PD2: Aun a riesgo de parecer unos glotones (cosa que somos), también nos tomanos el obligado café con leche y chorizo en el Guardetxe.
PD3: Aimar no estaba por la labor y se dedicó a la vida contemplativa.

14 comentarios:

mòmo dijo...

¡Qué envidiable cara de alegría! Preciosa foto, y crónica, y día.

Ander Izagirre dijo...

¡Qué maravilla! ¿Adoptaríais algún hijo treintañero?

Sergio dijo...

Ha quedado una entrada algo larga pero es que nos pasaron tantas cosas... y tan buenas... Precioso día, sí.

Ander, somos un grupo muy exigente. Te tiene que gustar el chorizo, el chocolate caliente, la tortilla de patata y el monte. Si cumples los requisitos, adelante.

Tia Madrina dijo...

Me parece que de raza viene el galgo (habla una tia con el babero puesto) tan arriesgado descenso para un niño de 5 años recien cumplidos requiere una estabilidad que muchos adultos carecen de ella. Tendre que abrir un blog para contar mis experiencias de niñez.
Aupa Asier!!de aqui a las olas de gros o a los descensos en Formigal.

iK dijo...

Qué envidia, me quedé con las ganas, la verdad. ¿Me chivas el lugar de la txanpa para ir la siguiente vez?
Conocemos a Iñaki.

Sergio dijo...

Querida Tía madrina si lo de la estabilidad de los adultos lo dices porque has visto el resto de la serie ...

iK, ¿conoces a Iñaki? Se cierra el círculo.
El lugar no es ningún secreto, suele estar lleno de gente. A unos cientos de metros antes de llegar al Guardetxe hay una recta larga que tiene aparcamiento a los dos lados (marcas de pintura). Es a mano izquierda y allí mismo, no tiene pérdida. Quizás sin nieve esté más difícil de localizar pero nevado te aseguro que no.
"Sigue el camino de los txamperos amarillos."

He obviado como se llega al Guardetxe ¿Hace falta decirlo?

eresfea dijo...

Las chispitas. Joderjoderjoder...
Sólo con ver las fotos se disfruta.

iK dijo...

Gracias por la informazione. No, hasta Guadetxe ya se llegar, gracias. Ciao.

leitzaran dijo...

Campas de Albi

Sergio dijo...

Gracias por el dato.

Anónimo dijo...

¡Qué envidia! Nosotros íbamos allí en el 82 - 83 con un trineo algo más sofisticado y nos lo pasábamos pipa. Luego un caldito en el bar para acompañar las tortillas y filetes empanados... Que sigáis pasándolo así de bien. Aunque tendréis que subir y bajar andando por la ladera varias veces para quemar las calorías.
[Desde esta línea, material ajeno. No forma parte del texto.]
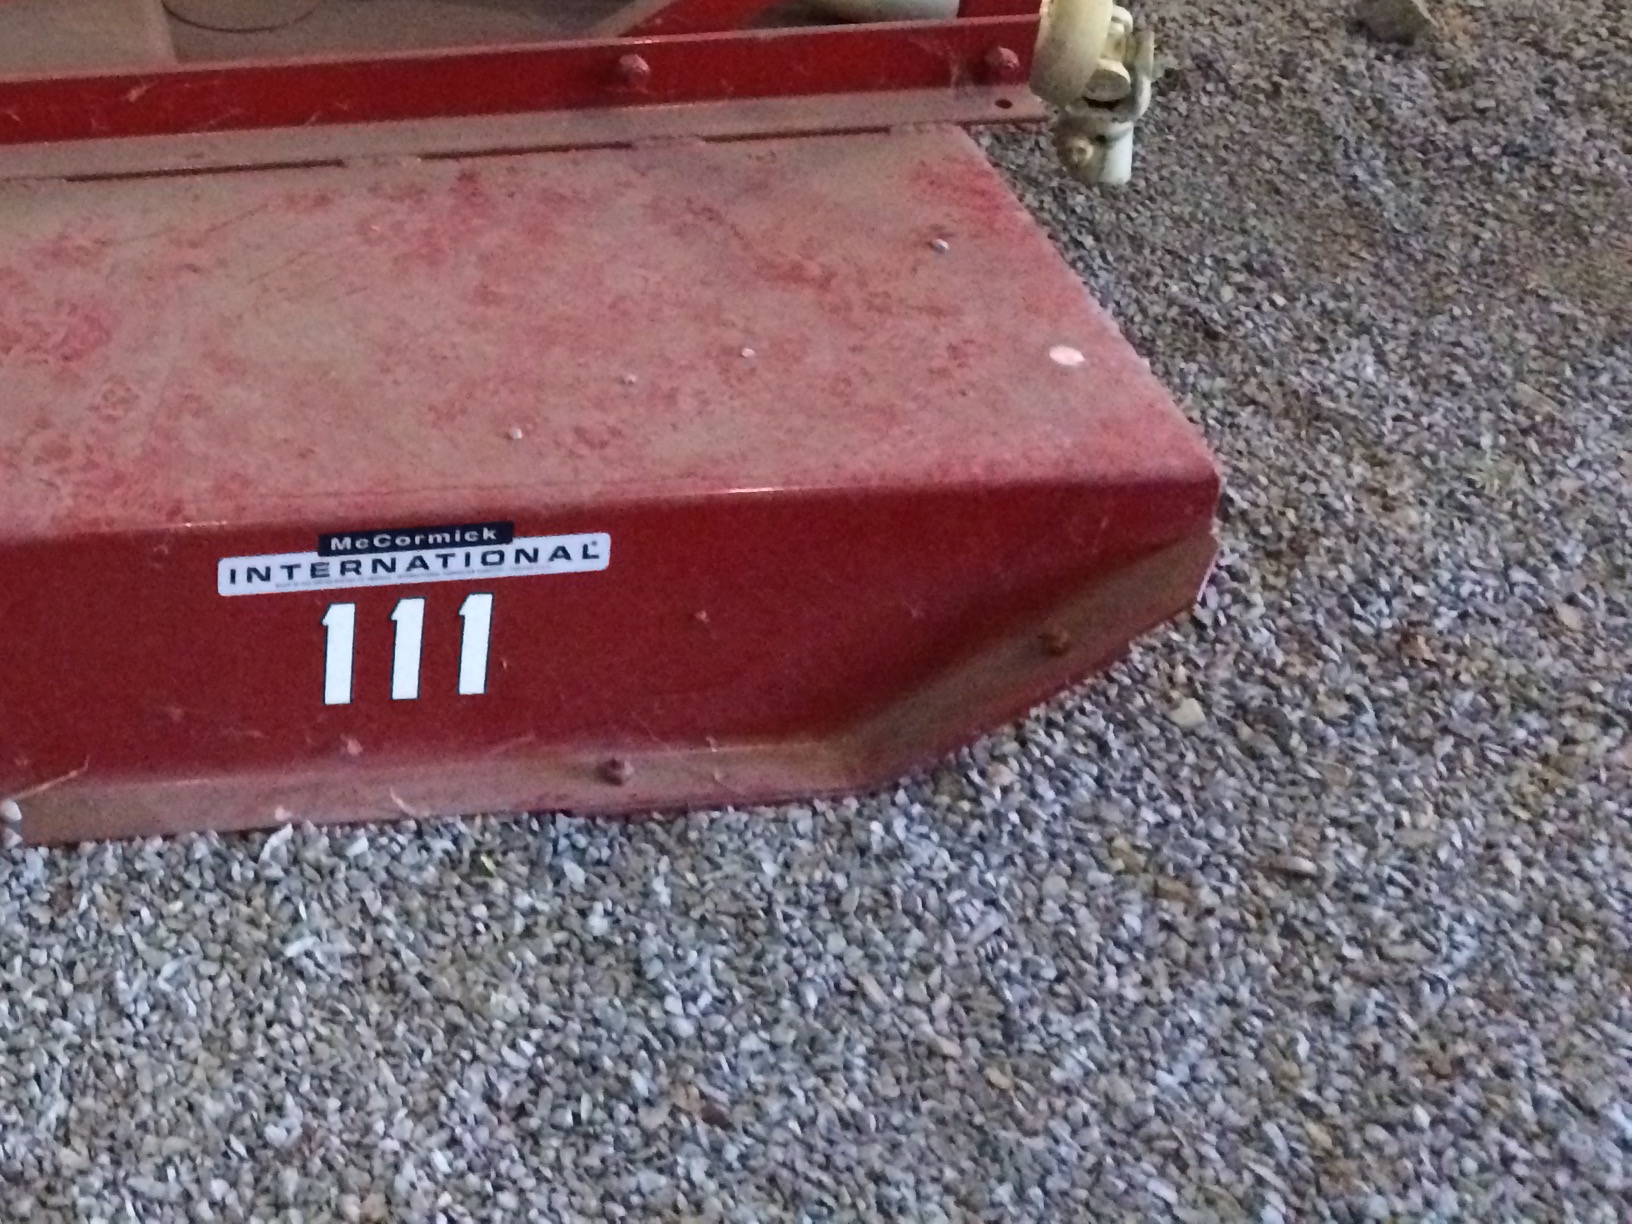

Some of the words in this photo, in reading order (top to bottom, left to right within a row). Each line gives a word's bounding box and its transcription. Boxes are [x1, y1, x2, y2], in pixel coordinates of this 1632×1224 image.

[330, 527, 498, 551] McCormick
[229, 543, 600, 585] INTERNATIONAL
[320, 591, 494, 706] 111
Saludos de Juana Mary (tía de Aitor)

txe dijo...

nos llamamos casi igual y tenemos un blog con el mismo aspecto.

qué cosas

Sergio C. Fanjul

maria jesus dijo...

Que día más estupendo pasasteis. A lo mejor tu hijo, más adelante, no recuerda los detalles, pero si sabrá que ha tenido una infancia feliz.

Sergio dijo...

Muy buenas, Txe. Reconozco que ya sabía de ti gracias a San Google y a una curiosidad inonfesable, pero nunca me atreví a destaparme. Tenemos más cosas en común de lo que crees. Y hasta aquí puedo escribir.